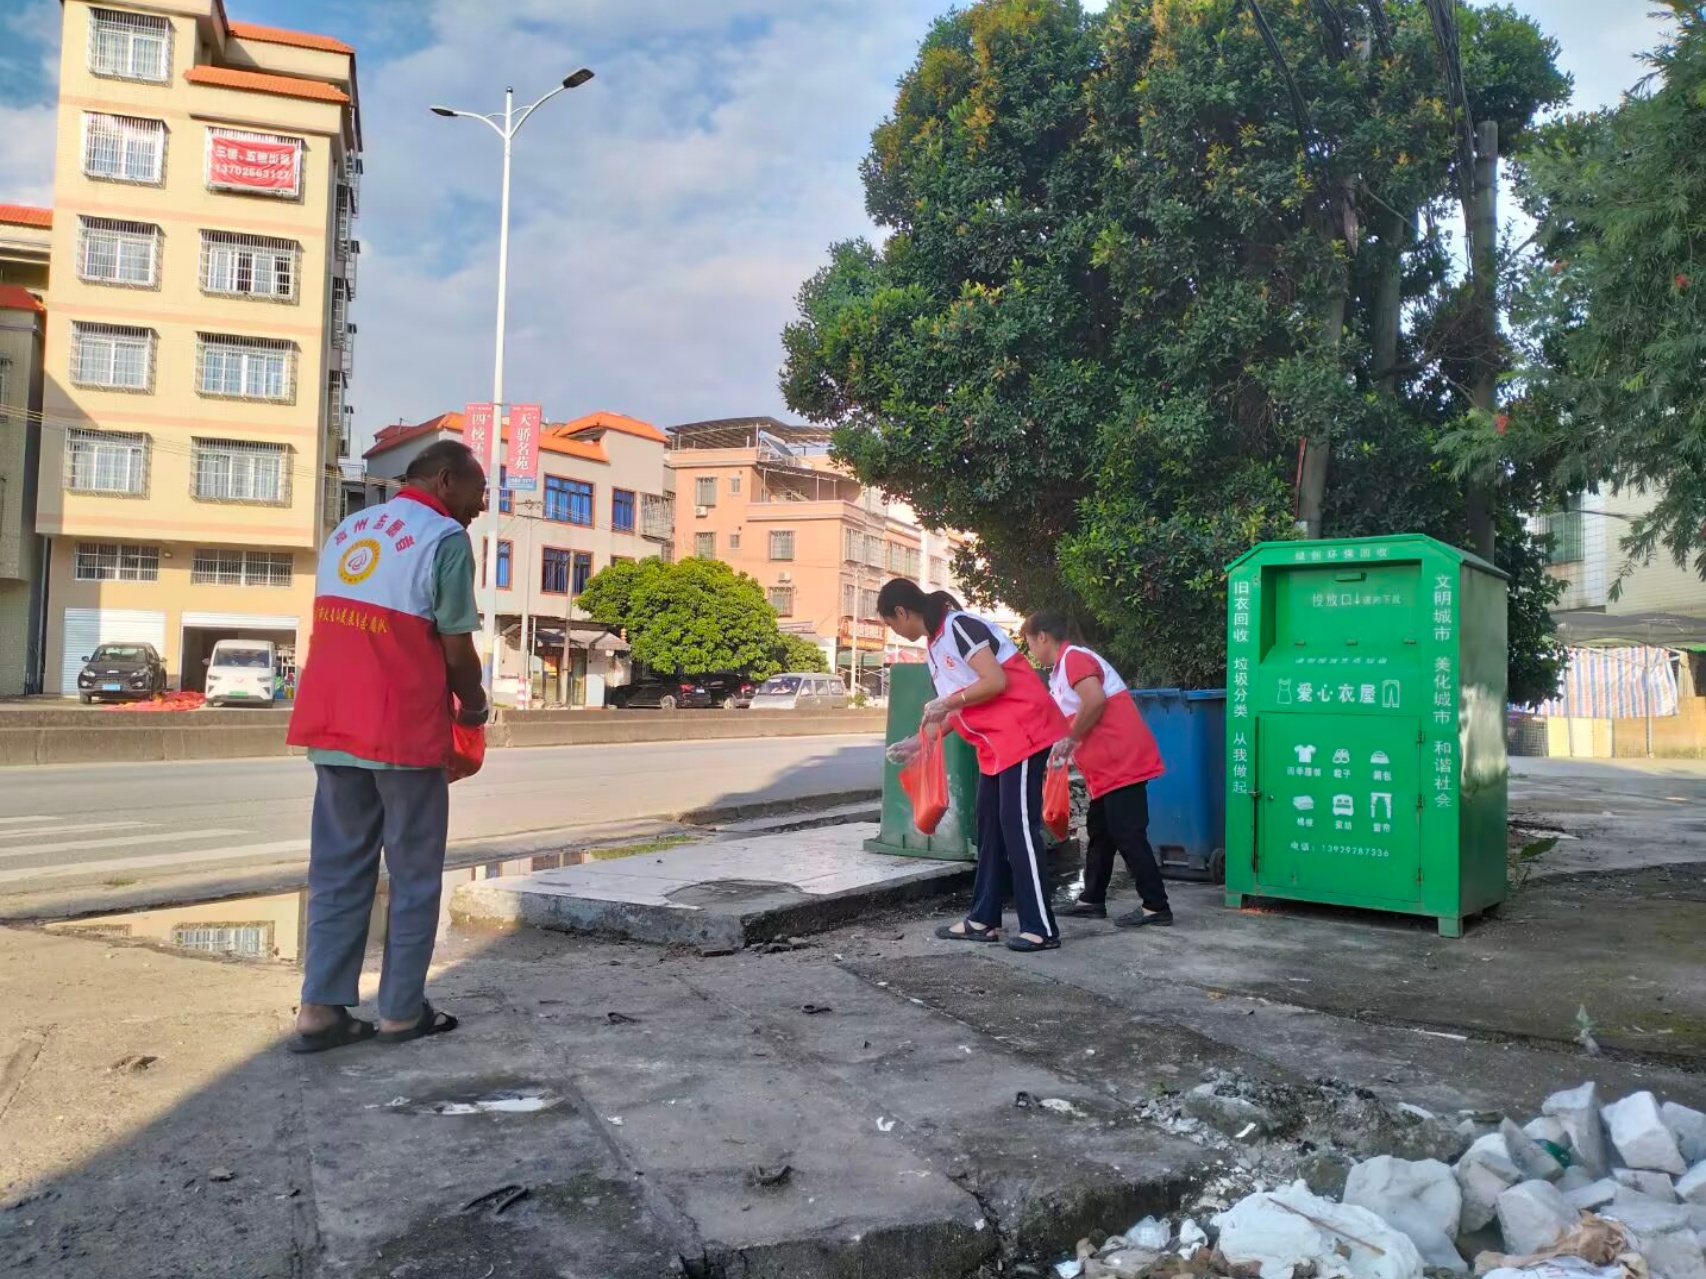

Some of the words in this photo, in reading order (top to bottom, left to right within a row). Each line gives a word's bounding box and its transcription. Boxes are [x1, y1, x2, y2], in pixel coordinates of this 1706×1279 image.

[1233, 581, 1249, 643] 旧衣回收
[1434, 574, 1451, 641] 文明城市
[1233, 657, 1249, 718] 垃圾分类
[1297, 682, 1377, 704] 爱心衣屋
[1434, 657, 1451, 723] 美化城市
[1233, 732, 1248, 794] 从我做起
[1434, 741, 1451, 807] 和谐社会

○ ○ ○ ○

### Exercise aim
Repeat all entries exactly. Skip the pictures.

### Task output
Some of the words in this photo, in reading order (top to bottom, left to right within a row). Each line gives a word's bounding box and its transcription. Boxes are [x1, y1, x2, y2], in pixel coordinates of this 1706×1279 image.

[1233, 581, 1249, 643] 旧衣回收
[1434, 574, 1451, 641] 文明城市
[1233, 657, 1249, 718] 垃圾分类
[1297, 682, 1377, 704] 爱心衣屋
[1434, 657, 1451, 723] 美化城市
[1233, 732, 1248, 794] 从我做起
[1434, 741, 1451, 807] 和谐社会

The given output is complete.